#### What this task involves
An exact copy of every record below is needed, with the pictures left out.

▽

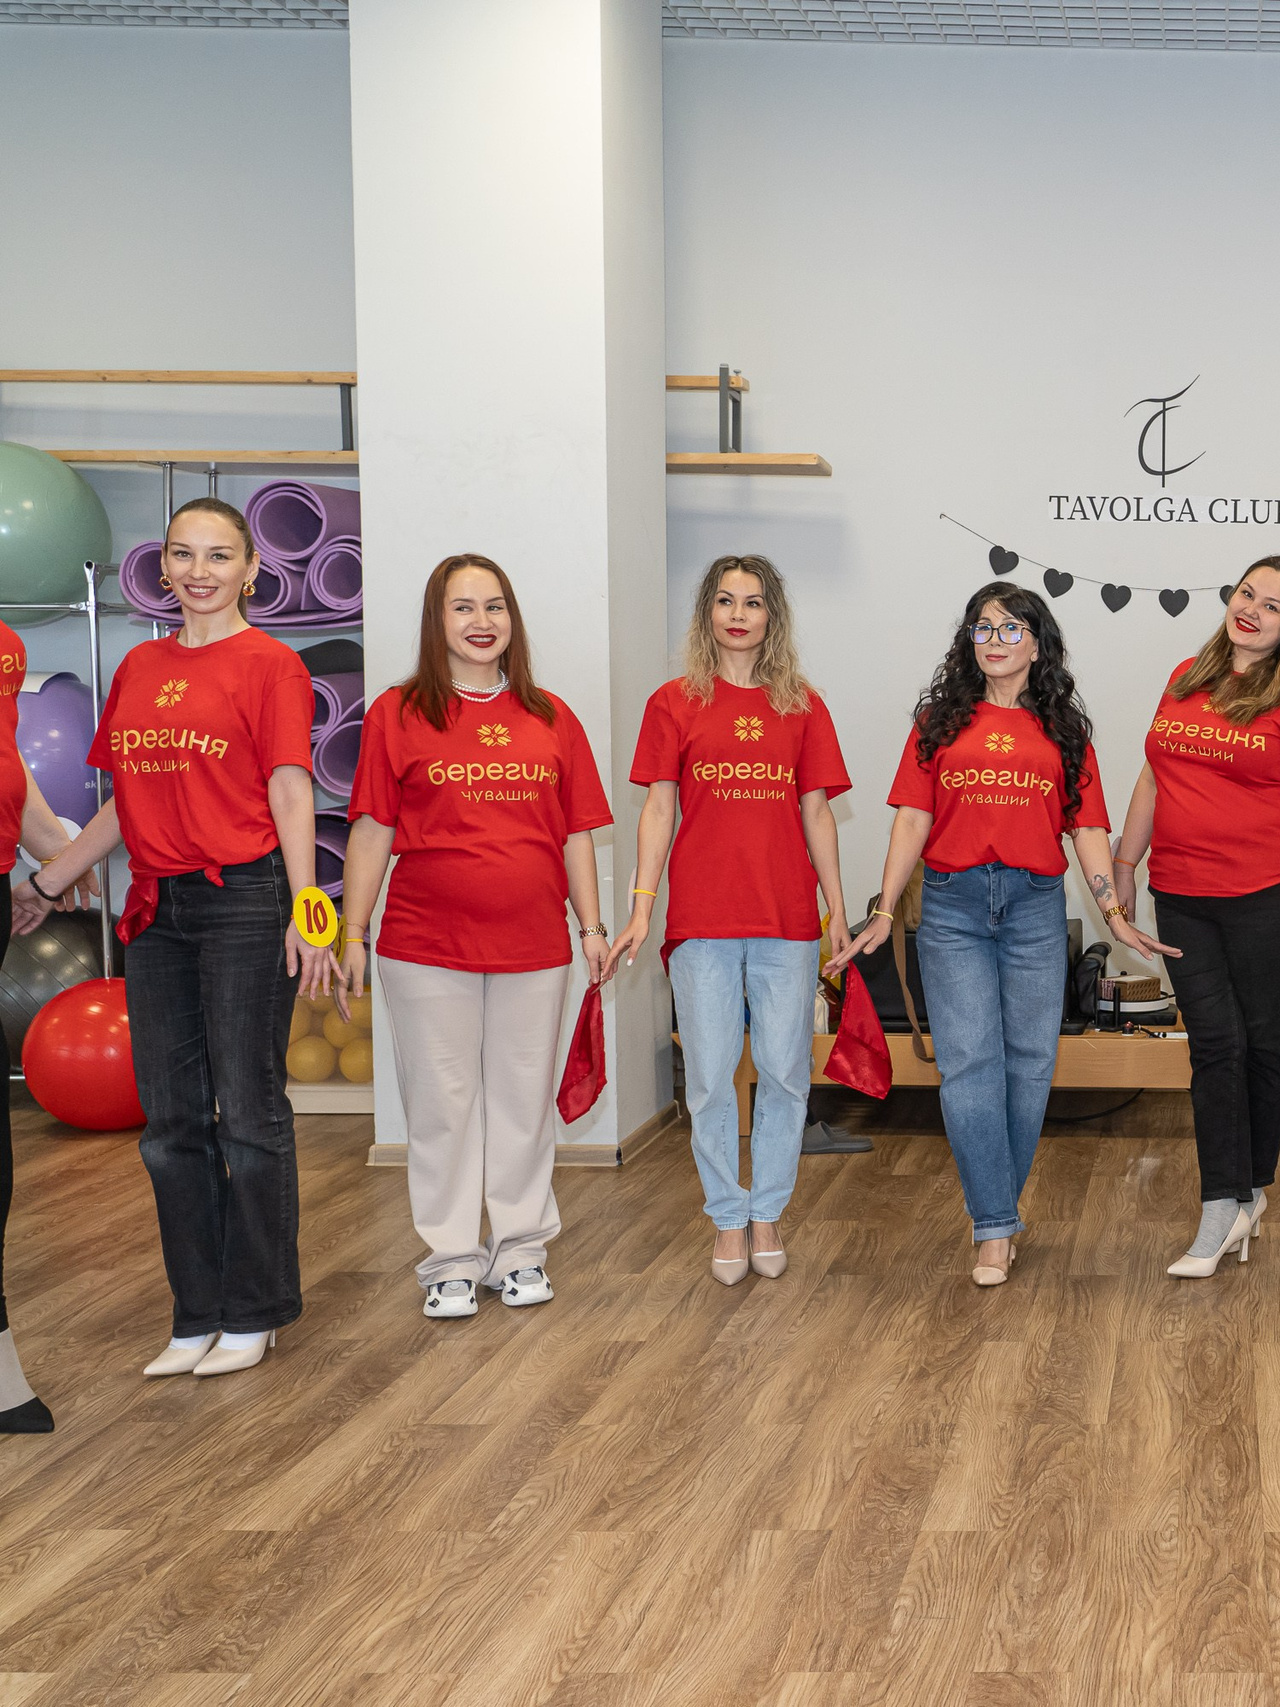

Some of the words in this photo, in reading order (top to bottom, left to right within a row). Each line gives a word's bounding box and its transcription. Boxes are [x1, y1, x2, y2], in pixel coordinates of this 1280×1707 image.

[1049, 495, 1198, 523] TAVOLGA
[110, 728, 229, 760] ерегиня
[692, 760, 796, 785] берегин
[712, 788, 786, 801] чувашии
[303, 898, 328, 934] 10
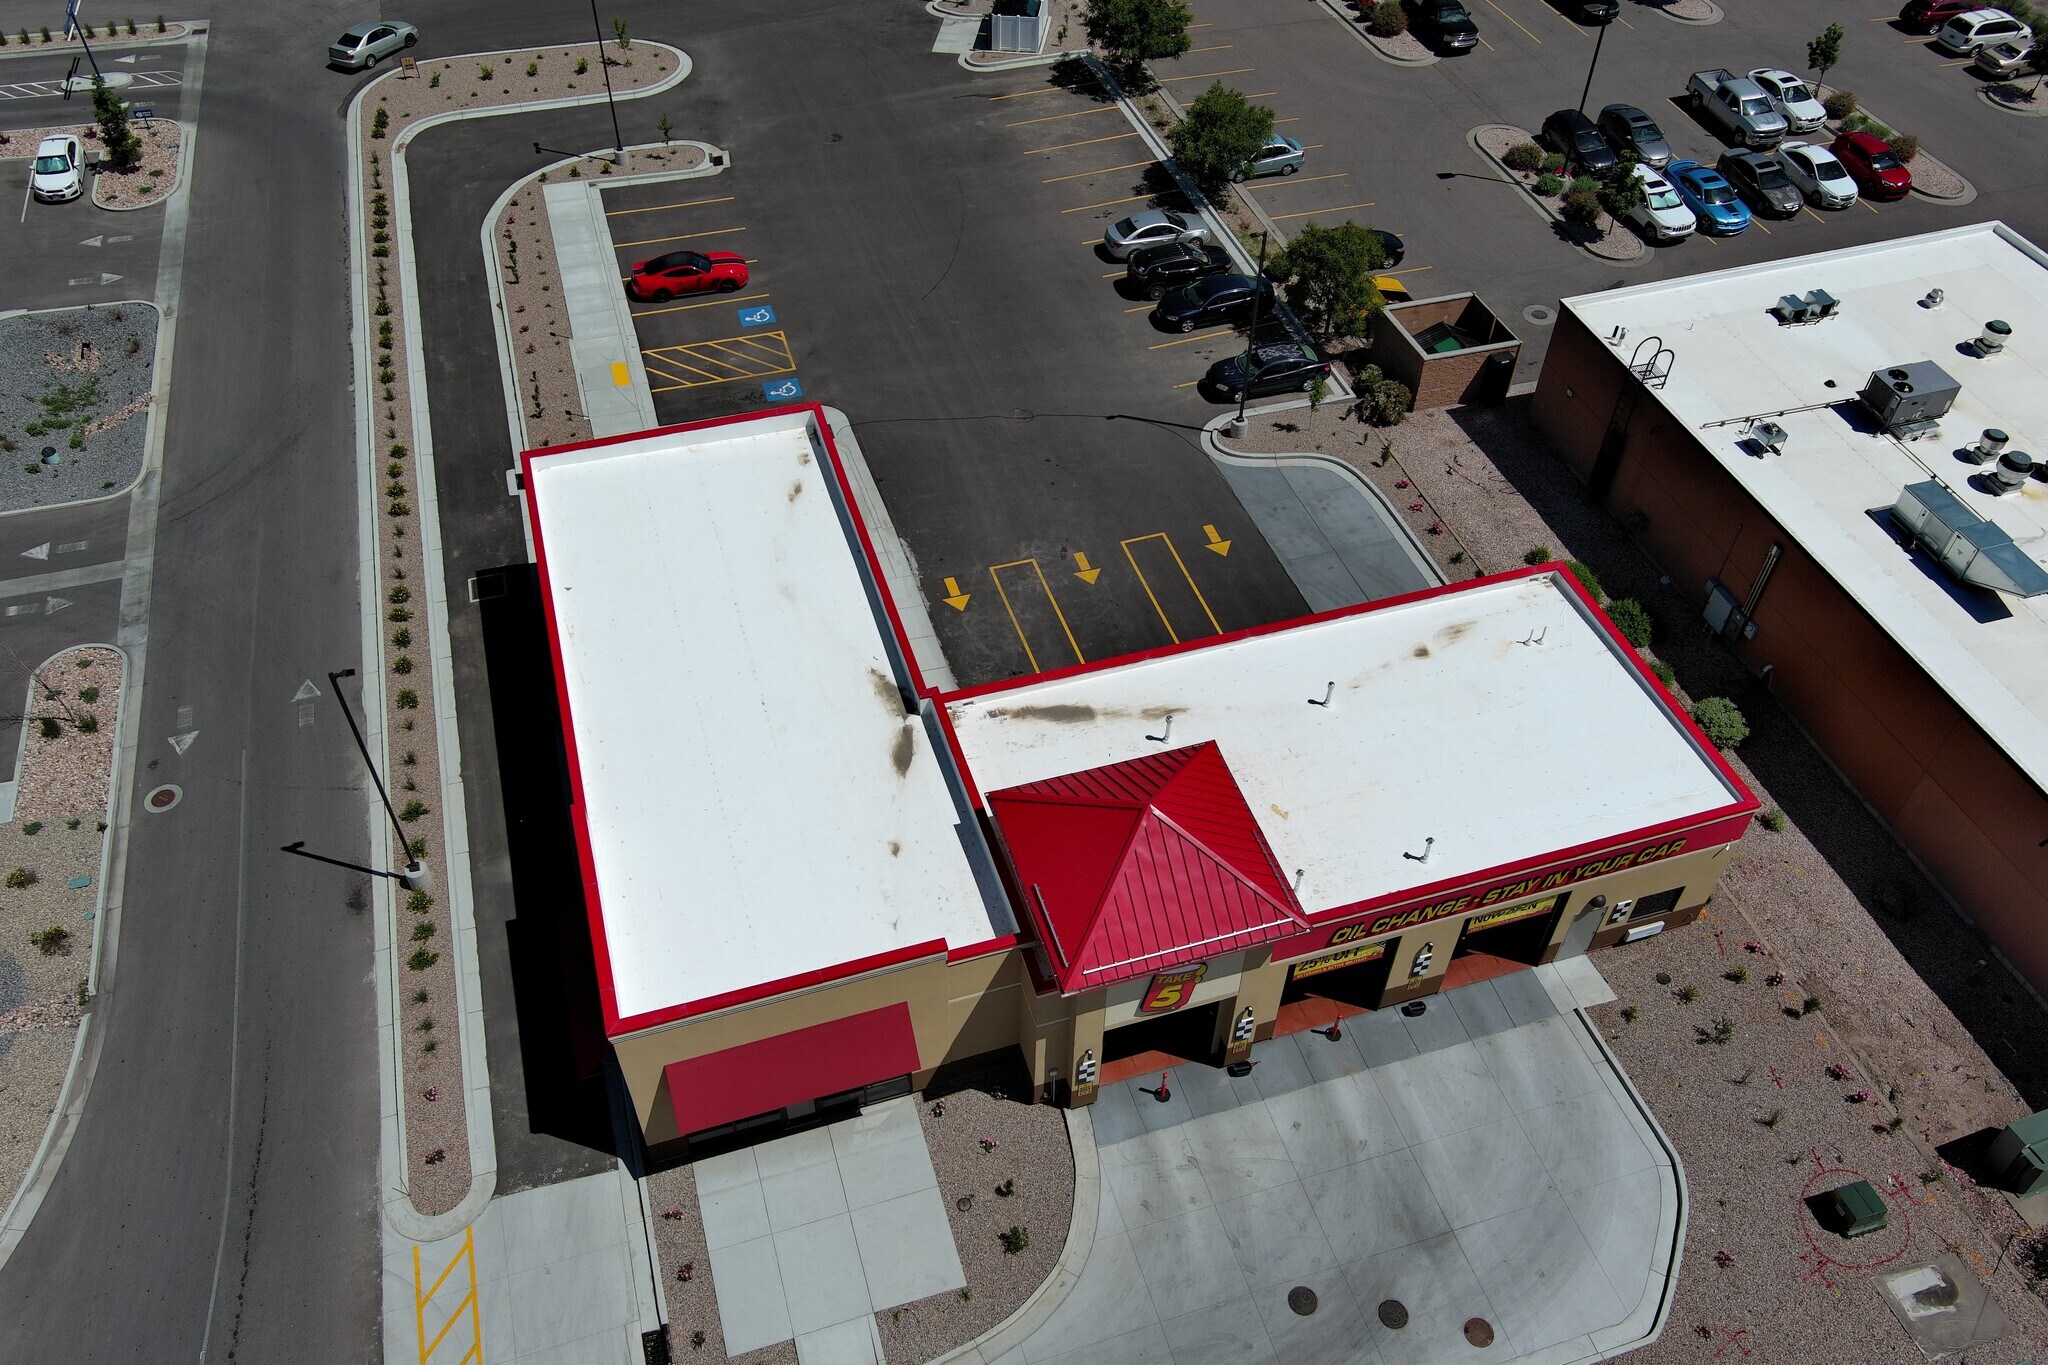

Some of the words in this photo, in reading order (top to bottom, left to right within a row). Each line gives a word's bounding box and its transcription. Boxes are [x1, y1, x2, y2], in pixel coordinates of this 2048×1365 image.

[1331, 923, 1367, 943] OIL
[1371, 896, 1471, 933] CHANGE
[1483, 877, 1542, 903] STAY
[1541, 870, 1570, 888] IN
[1574, 853, 1636, 880] YOUR
[1637, 839, 1687, 863] CAR
[1157, 973, 1192, 984] TAKE
[1149, 984, 1181, 1007] 5

△

#### Solution for this exercise
Some of the words in this photo, in reading order (top to bottom, left to right within a row). Each line gives a word's bounding box and its transcription. Boxes are [x1, y1, x2, y2], in pixel coordinates of this 1280×1707 image.

[1049, 495, 1198, 523] TAVOLGA
[110, 728, 229, 760] ерегиня
[692, 760, 796, 785] берегин
[712, 788, 786, 801] чувашии
[303, 898, 328, 934] 10

Some of the words in this photo, in reading order (top to bottom, left to right within a row). Each line gives a word's bounding box and its transcription. Boxes are [x1, y1, x2, y2], in pixel coordinates of this 2048×1365 image.

[1331, 923, 1367, 943] OIL
[1371, 896, 1471, 933] CHANGE
[1483, 877, 1542, 903] STAY
[1541, 870, 1570, 888] IN
[1574, 853, 1636, 880] YOUR
[1637, 839, 1687, 863] CAR
[1157, 973, 1192, 984] TAKE
[1149, 984, 1181, 1007] 5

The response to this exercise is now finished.